My friend Lee (cdnpinballer) had posted up this great tutorial last year that I wanted to share.
When you get a new game in the shop, how do you get all of the bulbs working?
His response, in regards to his Big Game:
I always start diagnosing non working lamps by trying a fresh new bulb with a few turns of the socket and in my case I had to replace probably 10 burnt out bulbs. If the new bulb doesn't work I then reach for my aligator clips.
I clip one end to the questional lamp socket and the other end to a working lamp socket. If the lamp turns on then I know the socket and bulb are good. If it doesn't turn on then I know to replace the lamp socket. So, I had to replace a few lamp sockets as well.
Then I turn to the connector pins on the lamp driver board. I just replace the 0.100" connector pins of the suspect bulbs because it takes a minute or two and it's easy. So, that fixed maybe 2 or 3 broken bulbs. At that point I was left with 4 non working bulbs.

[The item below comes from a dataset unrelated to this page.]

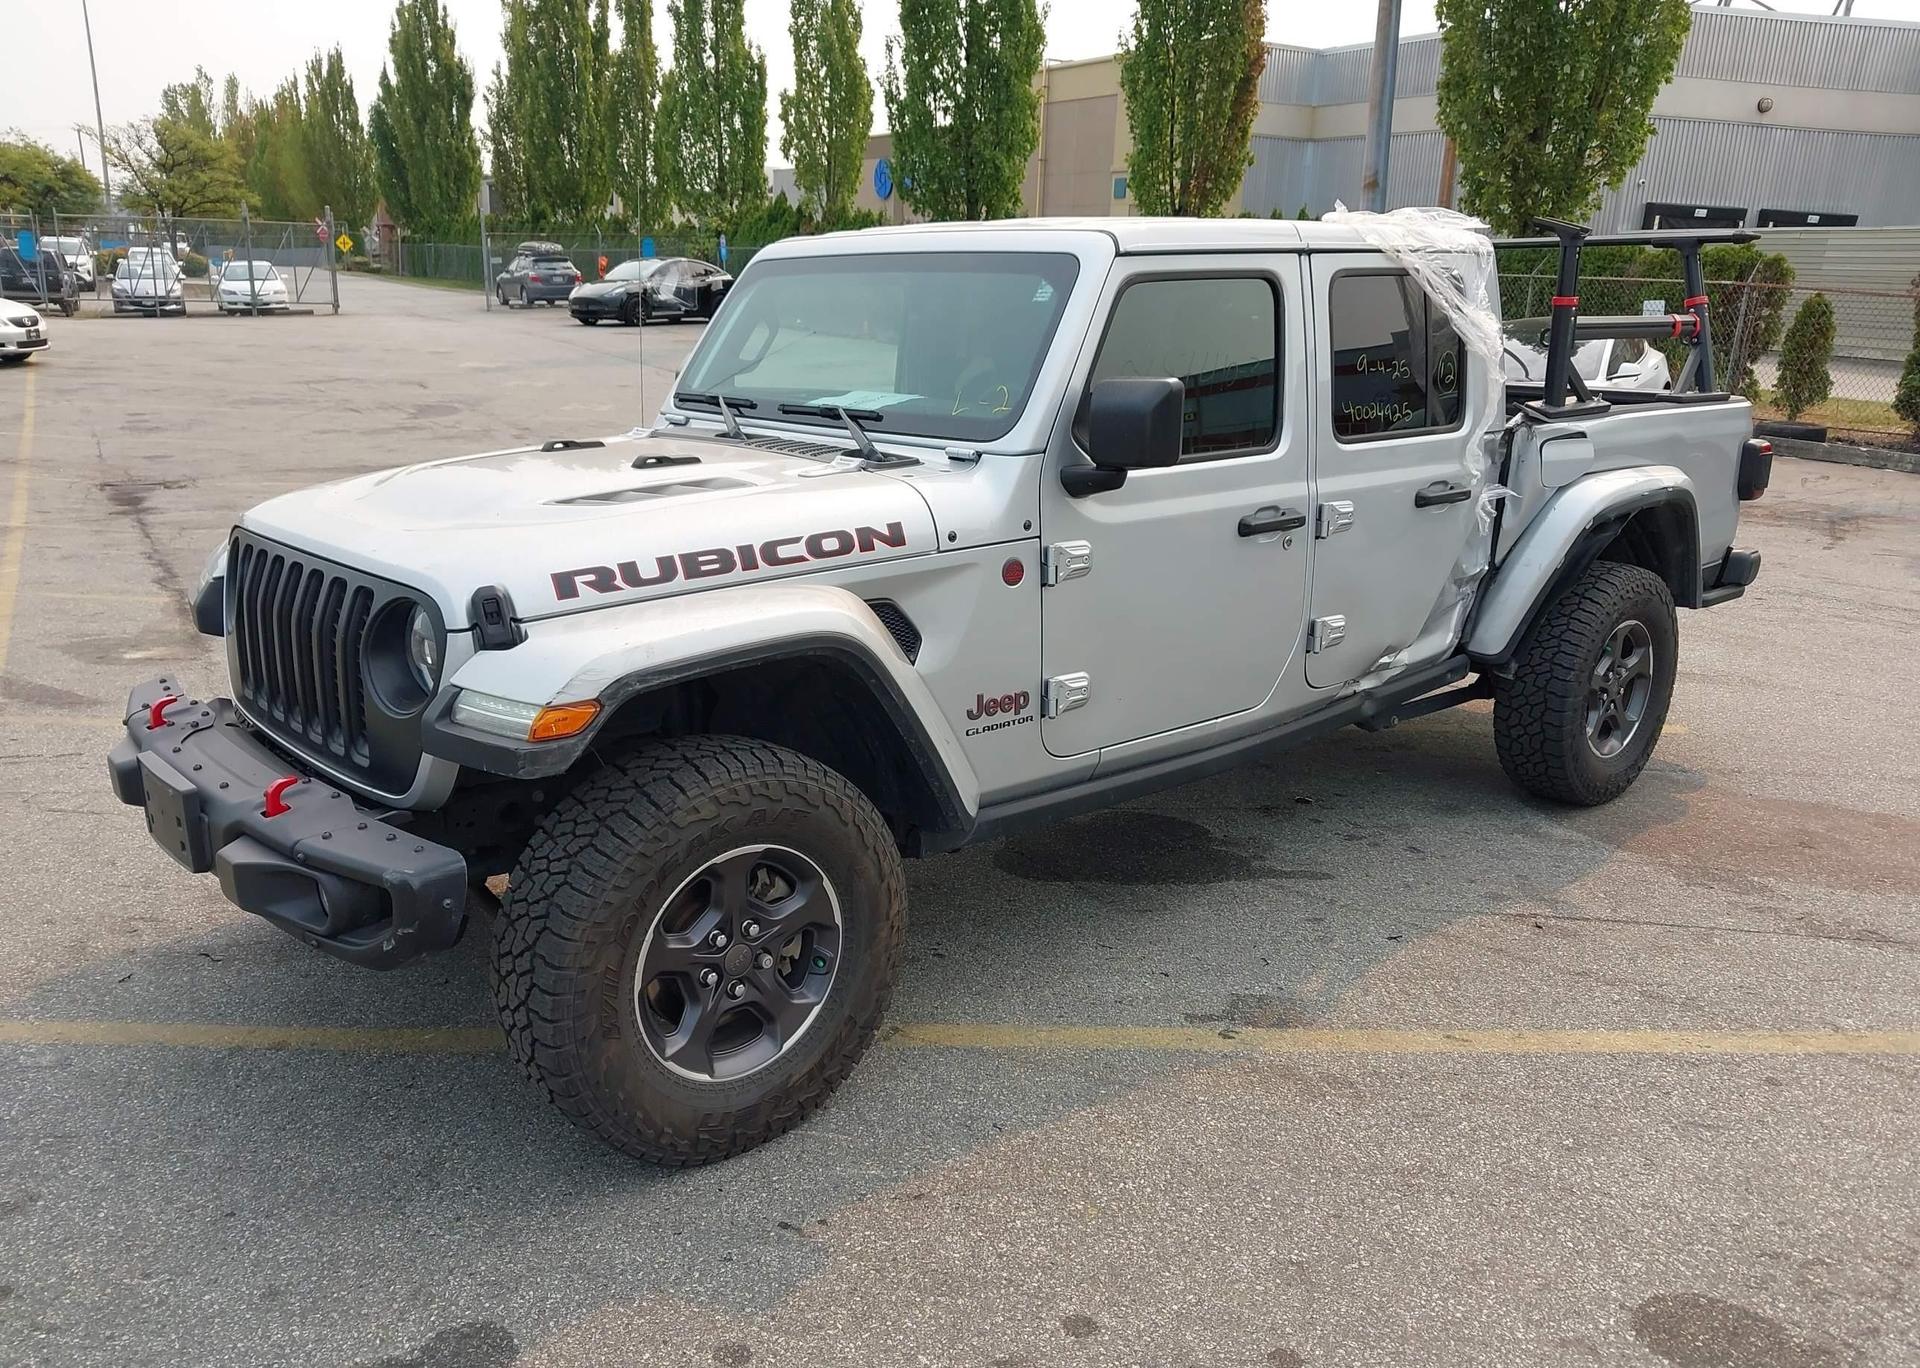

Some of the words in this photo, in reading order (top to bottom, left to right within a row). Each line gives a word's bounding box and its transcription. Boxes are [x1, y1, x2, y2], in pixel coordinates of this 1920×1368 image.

The only items left in the chain are the transistors, chips, some resistors and possibly broken solder joints on header pins or the header pins themselves. So, I removed the lamp driver board for a closer look.
Solder looked good, no cold joints. Header pins looked OK. Tested the suspect transistors and 2 of the 4 definately tested bad so changed those along with the other 2 suspects because it doesn't take that long to do and they are cheap.
With the board reinstalled 2 of the lamps still didn't work in attract mode. WTF? Do I need to replace a chip now? It doesn't make sense because they're driven by different chips. Hummm.. I was stumped until I put thr game into test and everything started flashing. Lesson learned! Not all lamps flash in attract mode!